LA TRILOGIA DI SAM RAIMI CON TOBEY MAGUIRE

I tre Cinecomic di Sam Raimi, con Tobey Maguire nel ruolo di Peter Parker alias Spider-Man, coniugano ancora il cinema d’autore con il blockbuster pop di massa. Si era nel primo decennio del nuovo secolo, ancora ignari della futura esplosione del Marvel Cinematic Universe.

Con una velocità di crociera che all’epoca poteva sembrare frenetica, ma in confronto ad oggi appare invece più ragionata, Raimi rileggeva il supereroe della Marvel a partire da un suo tarlo drammaturgico: personaggi che si ritrovano un dono per le mani e devono gestirne gli squilibri. In “Soldi sporchi” era il denaro, in “The Gift” il dono era la preveggenza della protagonista Cate Blanchett.  Nel suo Spider-Man, il dono/superpotere si infila tra i sussulti adolescenziali di un ragazzo fragile e timido.

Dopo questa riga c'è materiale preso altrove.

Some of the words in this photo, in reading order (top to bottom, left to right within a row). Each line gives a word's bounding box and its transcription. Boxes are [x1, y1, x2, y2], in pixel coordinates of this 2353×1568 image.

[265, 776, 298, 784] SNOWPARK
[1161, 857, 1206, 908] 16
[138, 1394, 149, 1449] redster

La metamorfosi di Parker si allinea a quella di un racconto di formazione fanciullesco. Più che una genesi dell’eroe, sembra trattarsi di un apprendistato alla vita che bilancia dramma e umorismo. Raimi concentra inoltre il suo sguardo nella direzione di famiglie turbolente, vicarie e disgregate: quella dell’Uomo Ragno che cresce con gli zii (con la morte dello Zio Ben simbolo del trauma spartiacque) e la famiglia del suo coetaneo Harry Osborn, figlio del maligno, il Goblin interpretato da Willem Dafoe: un villain che vive in un appartamento lussuoso di Manhattan. Il giovane Harry nasce con le stigmate dell’ambivalenza, essendo al contempo sia ribelle nei confronti del genitore, sia sua nemesi.

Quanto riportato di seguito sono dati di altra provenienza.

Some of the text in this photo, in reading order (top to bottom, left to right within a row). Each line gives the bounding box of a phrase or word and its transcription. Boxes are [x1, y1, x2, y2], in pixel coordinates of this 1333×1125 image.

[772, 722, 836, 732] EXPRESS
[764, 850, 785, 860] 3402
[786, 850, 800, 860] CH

Come in “Soldi Sporchi” e in “The Gift”, le responsabilità morali e le conseguenze umane del dono viaggiano sottotraccia, mentre il film scorre all’insegna di un corpo contaminato che invade con le sue traiettorie vertiginose l’ipertesto urbano di New York, aggredito fino allo spasimo dalle ragnatele organiche che schizzano dai polsi di Spider-Man. Il corpo, in perenne conflitto con la società, che fluttua, controlla l’energia e domina le leggi della fisica fa rima con un’idea di cinema che dilata le coordinate, esalta ed espande le proprie potenzialità. Lo spettacolo non è, dunque, la premessa produttiva su cui costruire una storia pretestuosa, ma è, come detto, l’effetto della contaminazione tra poetica d’autore ed estetica pop. Sam Raimi traghetta i film tratti dai fumetti dall’orbita dei B-Movie alla serie A del cinema. Una  medaglia che nessuno potrà mai togliergli.

I FILM

 

SPIDER-MAN (2002)

Il capitolo apripista viene sceneggiato da David Koepp, un nome illustre che aveva già lavorato per nomi illustri: Steven Spielberg, David Fincher, Brian De Palma. La storia si afferra alle origini di Spider-Man: morso da un ragno geneticamente modificato, il giovane Peter Parker acquisisce poteri sorprendenti. Scena cult: il bacio sotto la pioggia tra Spider-Man a testa in giù e Kirsten Dunst.

SPIDER-MAN 2 (2004)

Oscar agli effetti speciali per quello che viene considerato il capitolo più riuscito. Lo script porta la firma di Alvin Sargent, premio Oscar per “Giulia” nel 1978 e per “Gente Comune” nel 1981. Il nemico è il Doctor Octopus, figura paterna e villain dai tentacoli biomeccanici per un film che scava nel significato di eroismo e nella crisi d’identità di Peter Parker incastonato in una New York più cinerea.

SPIDER-MAN 3 (2007)

Ancora Sargent alla sceneggiatura, coadiuvato da Sam e Ivan Raimi. È il capitolo del lato oscuro, di Venom, il simbionte alieno che si assicura il controllo di Spider-Man, che lo trasforma nell’anima e nel costume, proprio mentre Parker aveva trovato l’equilibrio con Mary Jane. Ma all’orizzonte ci sono altri due pericoli: L’Uomo Sabbia, interpretato da Thomas Hayden Church e Harry Osborn (James Franco) che ha ceduto alle sirene del male ed è diventato il nuovo Goblin in cerca di vendetta contro chi ha ucciso suo padre.

 

LA FASE ‘AMAZING’ DI MARC WEBB CON ANDREW GARFIELD

Nel 2012, con il Marvel Cinematic Universe ormai imperversante e il progetto di “Spider-Man 4” firmato Raimi abortito sul nascere, la Sony Columbia affida al regista Marc Webb, cineasta con un solo film all’attivo – la commedia romantica “(500) giorni insieme” –  il concepimento di un reboot, affiancando allo sceneggiatore Alvin Sargent, altri due writers: Steve Kloves, autore della saga di “Harry Potter”, e James Vanderbilt, firmatario del sempre-sia-lodato “Zodiac” di David Fincher, realizzato qualche anno prima.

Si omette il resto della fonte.